MILAN (Reuters) - Italian coffee maker Lavazza will swallow the coffee business of U.S. food giant Mars Inc to expand its global reach, in a deal worth around $650 million, including debt.
The two unlisted companies said on Monday that Lavazza had agreed to buy Mars Drinks, a business that includes Flavia and Klinx systems, two leading brands in the office coffee service (OCS) and vending machine segments.
The groups did not disclose the financial details, but a source close to the matter told Reuters the deal points to an enterprise value for Mars Drinks of around $650 million.
BNP Paribas, Intesa Sanpaolo and UniCredit provided a 400 million euro ($463 million) loan to the coffee maker for the deal, the source said.
“This acquisition strengthens Lavazza’s position in the OCS and vending segments, which offer considerable opportunities for growth and development,” said Antonio Baravalle, Lavazza CEO.
The Italian group was advised by J.P. Morgan, Cleary Gottlieb Steen & Hamilton, PwC and The Boston Consulting Group.

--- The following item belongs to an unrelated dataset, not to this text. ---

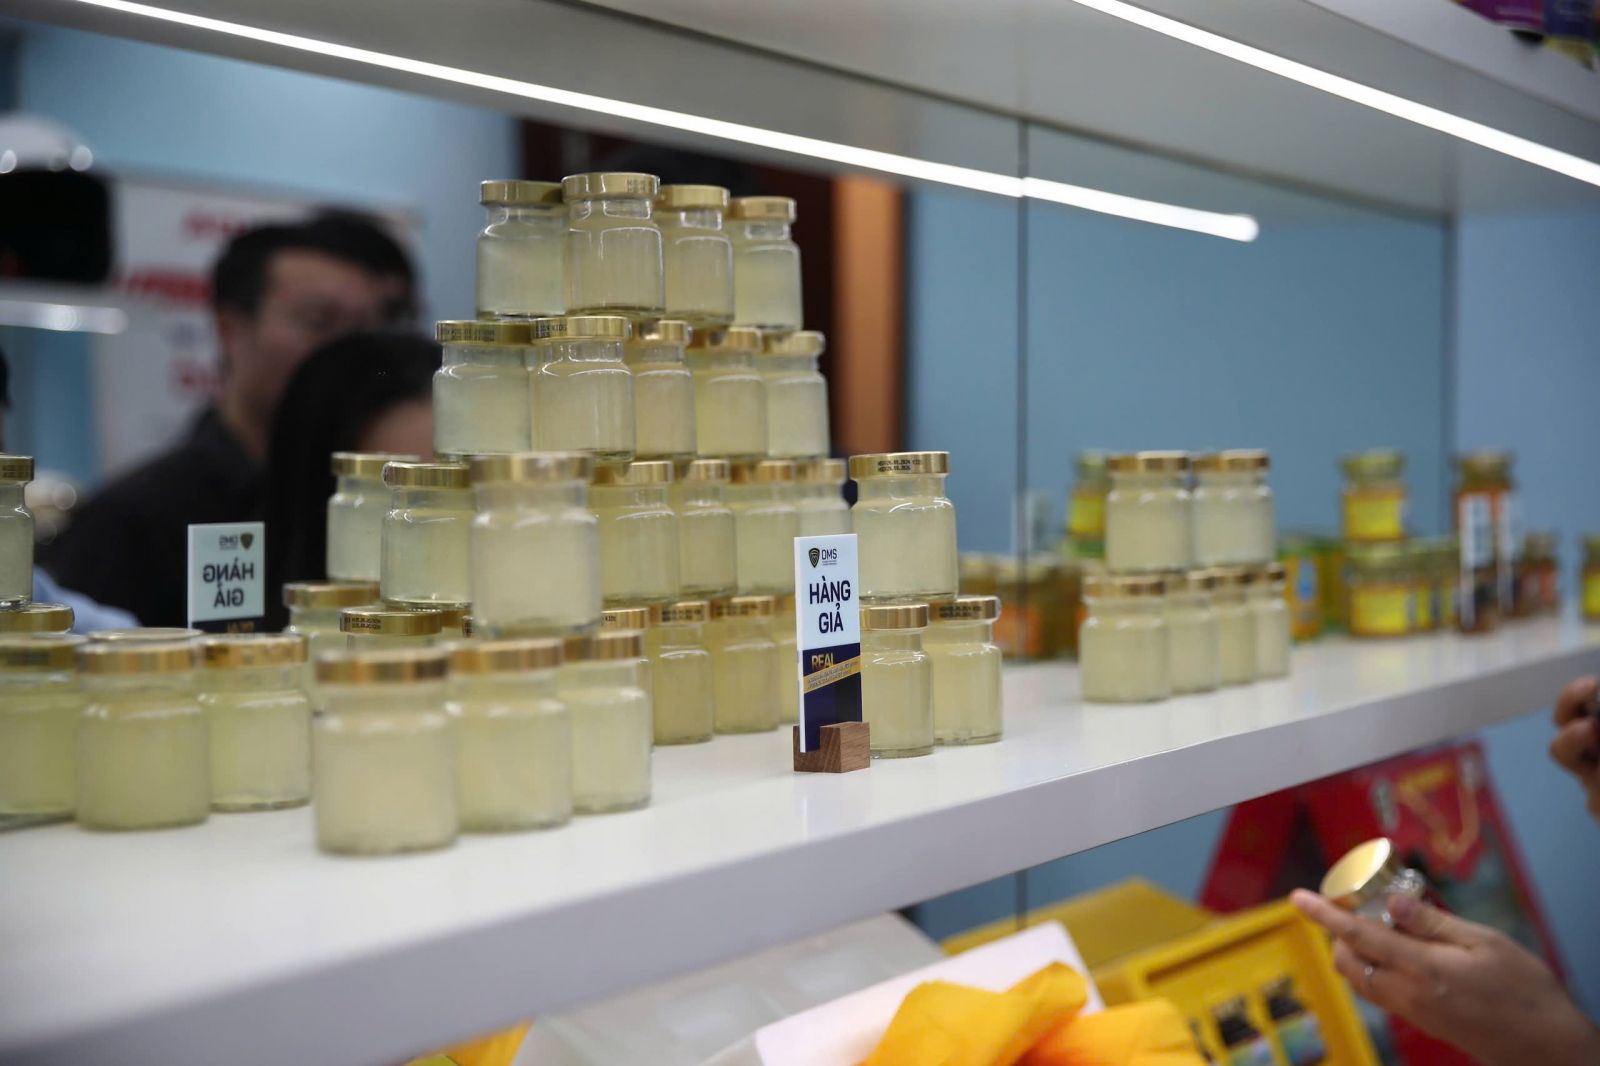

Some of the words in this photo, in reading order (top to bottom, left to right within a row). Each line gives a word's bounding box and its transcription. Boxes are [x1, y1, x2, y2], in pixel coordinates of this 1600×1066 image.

[821, 548, 837, 560] DMS
[809, 575, 851, 605] HÀNG
[818, 602, 844, 634] GIẢ

Mars Inc, which makes M&M’s chocolate candies and Wrigley’s gum, was advised by BofA Merrill Lynch, Freshfields Bruckhaus Deringer LLP, KPMG LLP and Rabo Securities USA.
The acquisition follows the purchase of Australia’s Blue Pod Coffee announced by Lavazza last July and comes after a handful of deals the Italian group struck between 2015 and 2017 to boost its revenue above 2 billion euros ($2.3 billion).
Lavazza, founded in 1895 by Luigi Lavazza in the northern Italian city of Turin, is the market leader in Italy and is privately owned by the founding family.
The deal comes amid an acquisitions spree in the global coffee sector which has seen Coca-Cola (KO.N) acquiring coffee chain Costa from Britain’s Whitbread (WTB.L) for $5.1 billion in August and Nestle (NESN.S) agreeing a $7 billion licensing deal for Starbucks’s (SBUX.O) retail business earlier this year.
Under the agreement, which is expected to close by the end of this year, Lavazza will acquire Mars’ coffee businesses in North America, Canada, Japan and in Europe, including its production plants in Britain and North America.